In real oceans, the tides cannot endlessly propagate as progressive waves. The waves reflect due to changes in water depth (for example when entering shelf seas) and at coastal boundaries. The result is a reflected wave that propagates in the opposite direction to the incident wave. The combination of the reflected wave and the incident wave is the total wave. Due to resonance between the reflected and the incident wave, the amplitude of the total wave can either be suppressed or amplified. The points at which the two waves amplify each other are known as antinodes and the points at which the two waves cancel each other out are known as nodes. Figure 2 shows a 1/4λ resonator. The first node is located at 1/4λ of the total wave, followed by the next node reoccurring 1/2λ farther at 3/4λ.

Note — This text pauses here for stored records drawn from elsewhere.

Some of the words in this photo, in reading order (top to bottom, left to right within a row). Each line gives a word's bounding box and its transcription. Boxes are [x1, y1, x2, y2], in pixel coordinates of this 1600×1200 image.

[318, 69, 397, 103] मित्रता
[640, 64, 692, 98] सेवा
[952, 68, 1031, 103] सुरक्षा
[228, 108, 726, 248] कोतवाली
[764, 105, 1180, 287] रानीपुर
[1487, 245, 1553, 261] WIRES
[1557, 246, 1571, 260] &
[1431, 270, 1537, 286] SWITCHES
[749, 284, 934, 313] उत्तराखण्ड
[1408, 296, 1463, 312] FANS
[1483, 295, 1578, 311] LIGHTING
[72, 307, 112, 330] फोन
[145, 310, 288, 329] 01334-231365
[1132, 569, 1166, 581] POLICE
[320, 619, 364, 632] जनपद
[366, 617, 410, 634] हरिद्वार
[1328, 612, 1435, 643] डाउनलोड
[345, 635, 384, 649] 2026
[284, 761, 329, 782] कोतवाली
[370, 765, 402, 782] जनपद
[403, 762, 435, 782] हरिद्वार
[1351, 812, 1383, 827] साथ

A long, progressive wave travelling in a channel on a rotating Earth behaves differently from a wave travelling along a non-rotating channel. Due to the Coriolis force, the water in the ocean is deflected towards the right in the northern hemisphere and conversely in the southern hemisphere. This side-way component of the flow due to the Coriolis force causes a build-up of water that results in a pressure gradient. The resulting slope develops until it is equilibrium with the Coriolis force; resulting in geostrophic balance. As a result of this geostrophic balance, Kelvin waves (originally described by Lord Kelvin) and Poincaré waves are generated. The amplitude of a Kelvin wave is highest near the coast and, when considering a wave on the northern hemisphere, decreases to further away from its right-hand coastal boundary. The propagation of Kelvin waves is always alongshore and its amplification falls off according to the Rossby radius of deformation. In contrast, Poincaré waves are able to propagate both alongshore as a free wave with a propagating wave pattern and cross-shore as a trapped wave with a standing wave pattern.

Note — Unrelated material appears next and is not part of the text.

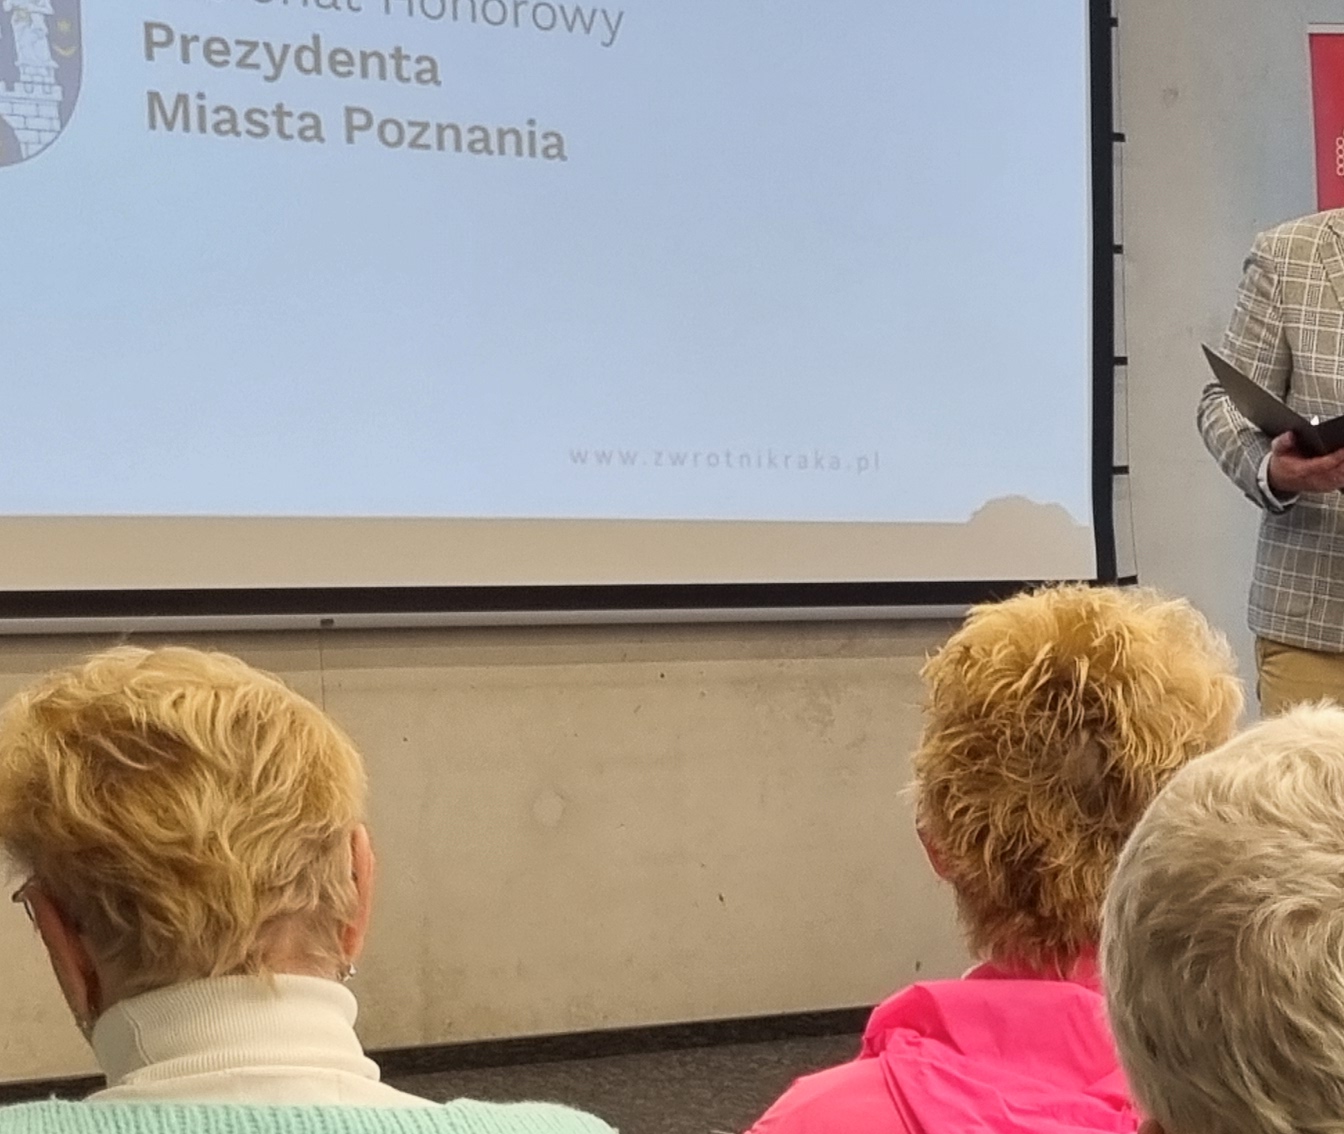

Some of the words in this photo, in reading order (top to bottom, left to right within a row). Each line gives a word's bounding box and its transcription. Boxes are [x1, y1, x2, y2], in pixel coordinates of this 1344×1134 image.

=== Infinitely long channel ===
In an infinitely long channel, which can be viewed upon as a simplified approximation of the Atlantic Ocean and Pacific Ocean, the tide propagates as an incident and a reflective Kelvin wave. The amplitude of the waves decreases further away from the coast and at certain points in the middle of the basin, the amplitude of the total wave becomes zero. Moreover, the phase of the tide seems to rotate around these points of zero amplitude. These points are called amphidromic points. The sense of rotation of the wave around the amphidromic point is in the direction of the Coriolis force; anticlockwise in the northern hemisphere and clockwise in the southern hemisphere.

=== Semi-enclosed basin ===

In a semi-enclosed basin, such as the North Sea, Kelvin waves, though being the dominant tidal wave propagating in alongshore direction, are not able to propagate cross shore as they rely on the presence of lateral boundaries or the equator. As such, the tidal waves observed cross-shore are predominantly Poincaré waves. The tides observed in a semi-enclosed basin are therefore chiefly the summation of the incident Kelvin wave, reflected Kelvin wave and cross-shore standing Poincaré wave. An animation of the tidal amplitude, tidal currents and its amphidromic behaviour is shown in Animation 2.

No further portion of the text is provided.